QL performance profiling and tuning is an advanced topic, and some tasks will require assistance from GitHub employees. With that said, there are several things you can do.
- Understand [the evaluation model of QL](https://help.semmle.com/QL/ql-handbook/evaluation.html). It's more similar to SQL than to any mainstream programming language.
- Most performance tuning in QL boils down to computing as few tuples (rows of data) as possible. As a mental model, think of predicate evaluation as enumerating all combinations of parameters that satisfy the predicate body. This includes the implicit parameters `this` and `result`.
- The major libraries in CodeQL are _cached_ and will only be computed once for the entire suite of queries. The first query that needs a cached _stage_ will trigger its evaluation. This means that query authors should usually only look at the run time of the last stage of evaluation.
- In [the settings for the VSCode extension](https://help.semmle.com/codeql/codeql-for-vscode/reference/settings.html), check the box "Running Queries: Debug" (`codeQL.runningQueries.debug`). Then find "CodeQL Query Server" in the VSCode Output panel (View -> Output) and capture the output when running the query. That output contains timing and tuple counts for all computed predicates.
- To clear the entire cache, invoke "CodeQL: Clear Cache" from the VSCode command palette.
6. **Make sure your query has the correct metadata**
For the full reference on writing query metadata, see the [Query metadata style guide](query-metadata-style-guide.md). The following constitutes a checklist.
a. Each query needs a `@name`, a `@description`, and a `@kind`.
b. Alert queries also need a `@problem.severity` and a `@precision`.
- The severity is one of `error`, `warning`, or `recommendation`.
- The precision is one of `very-high`, `high`, `medium` or `low`. It may take a few iterations to get this right.
- Currently, LGTM runs all `error` or `warning` queries with a `very-high`, `high`, or `medium` precision. In addition, `recommendation` queries with `very-high` or `high` precision are run.
- However, results from `error` and `warning` queries with `medium` precision, as well as `recommendation` queries with `high` precision, are not shown by default.
c. All queries need an `@id`.
- The ID should be consistent with the ids of similar queries for other languages; for example, there is a C/C++ query looking for comments containing the word "TODO" which has id `cpp/todo-comment`, and its C# counterpart has id `cs/todo-comment`.
d. Provide one or more `@tags` describing the query.
- Tags are free-form, but we have some conventions, especially for tagging security queries with corresponding CWE numbers.

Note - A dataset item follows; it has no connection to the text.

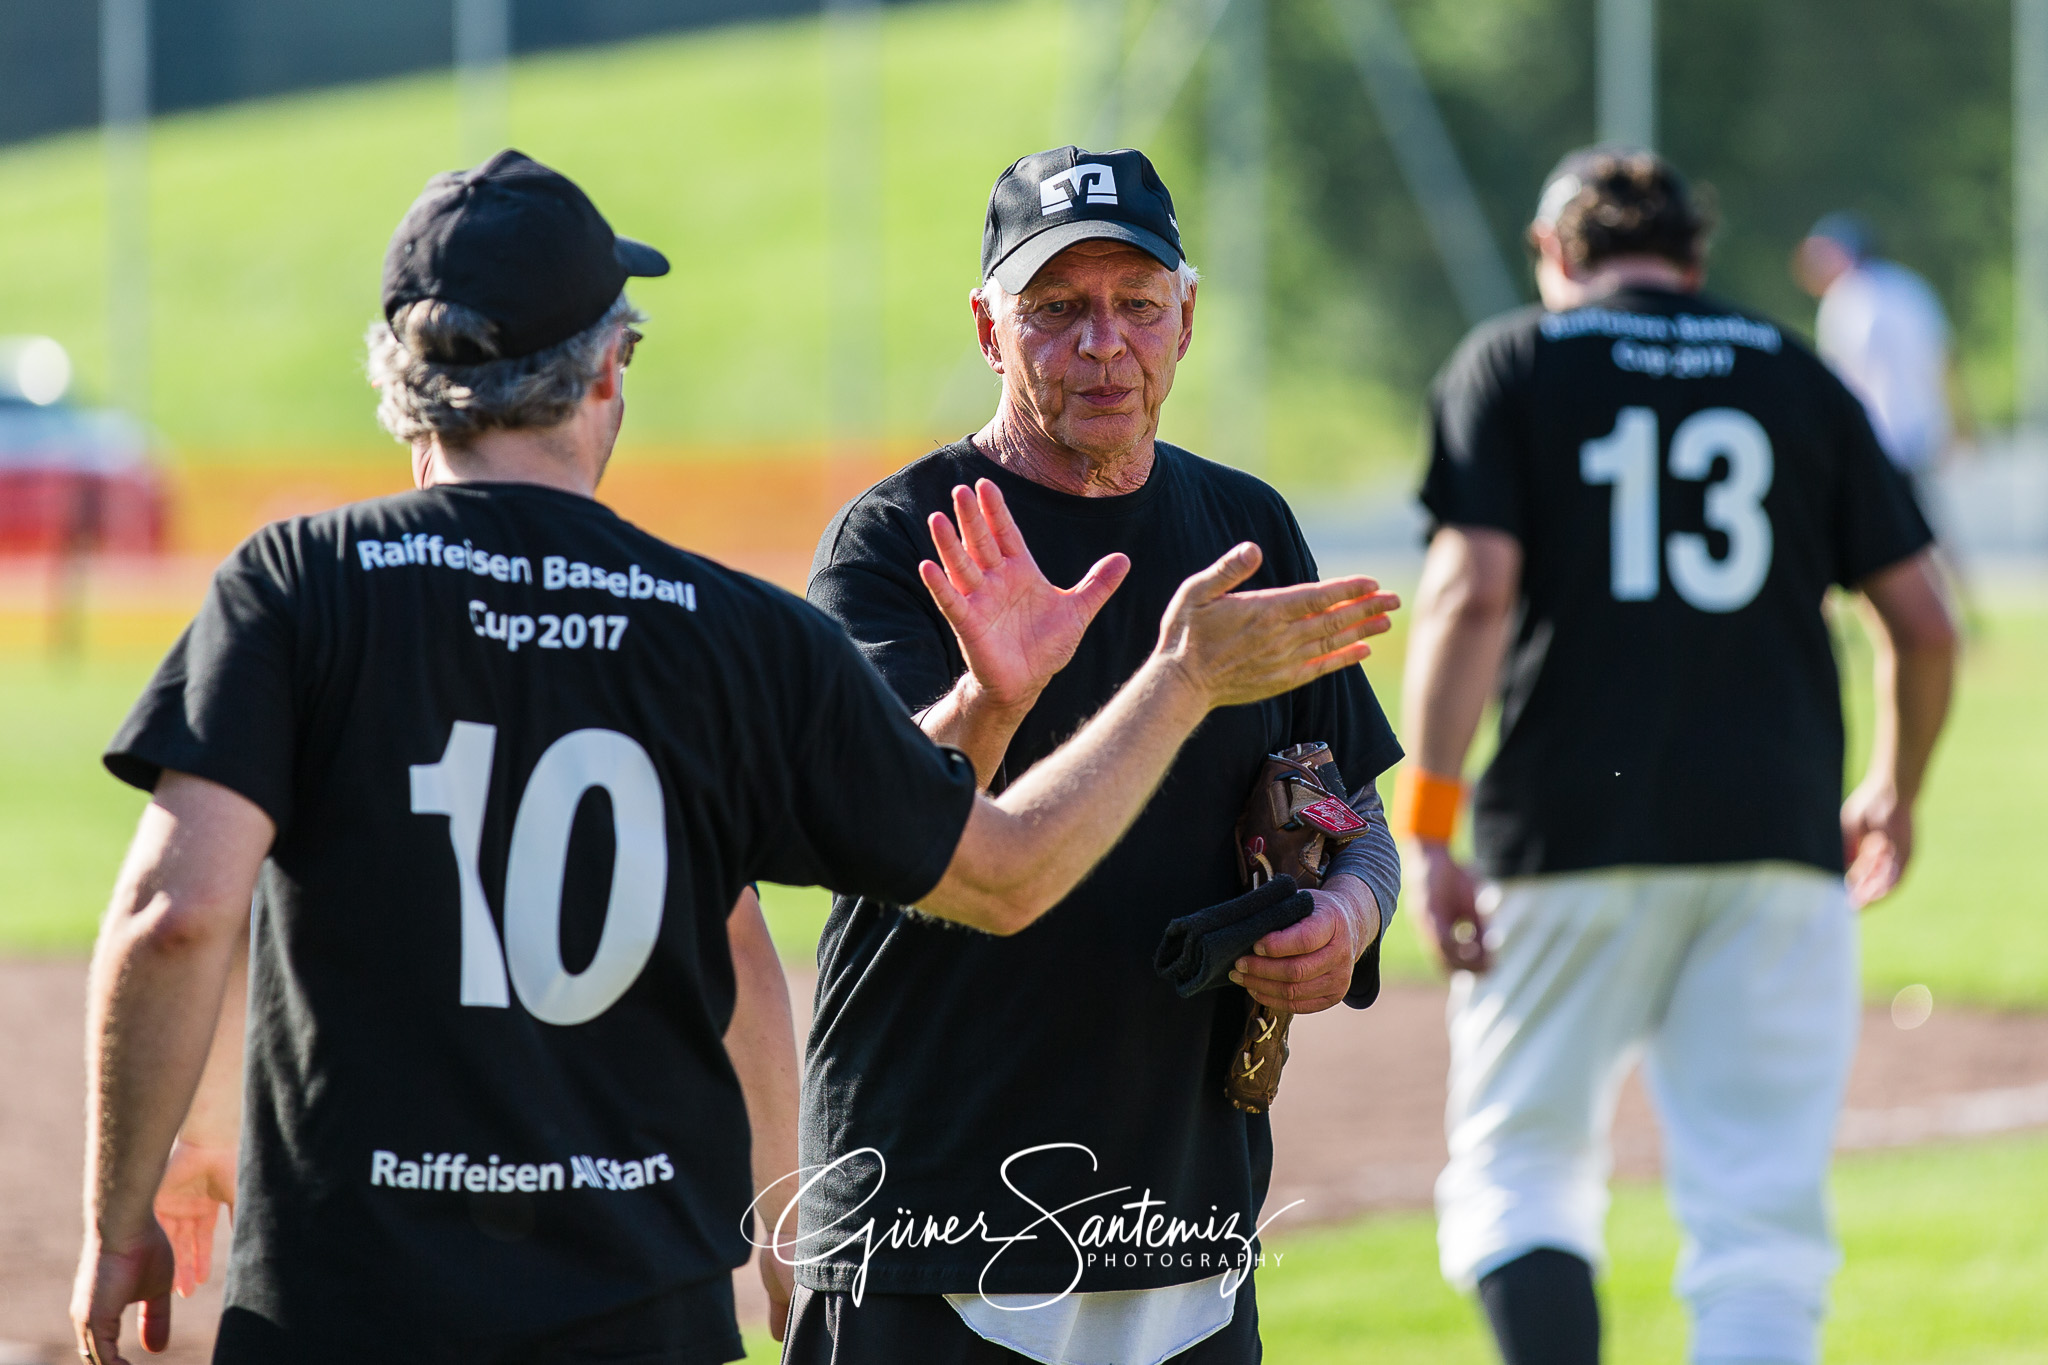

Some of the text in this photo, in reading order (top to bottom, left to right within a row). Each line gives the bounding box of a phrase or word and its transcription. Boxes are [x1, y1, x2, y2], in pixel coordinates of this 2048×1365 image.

7. **Move your query out of `experimental`**
- The structure of an `experimental` subdirectory mirrors the structure of its parent directory, so this step may just be a matter of removing the `experimental/` prefix of the query and test paths. Be sure to also edit any references to the query path in tests.
- Add the query to one of the legacy suite files in `ql/<language>/config/suites/<language>/` if it exists. Note that there are separate suite directories for C and C++, `c` and `cpp` respectively, and the query should be added to one or both as appropriate.
- Add a release note to `change-notes/<next-version>/analysis-<language>.md`.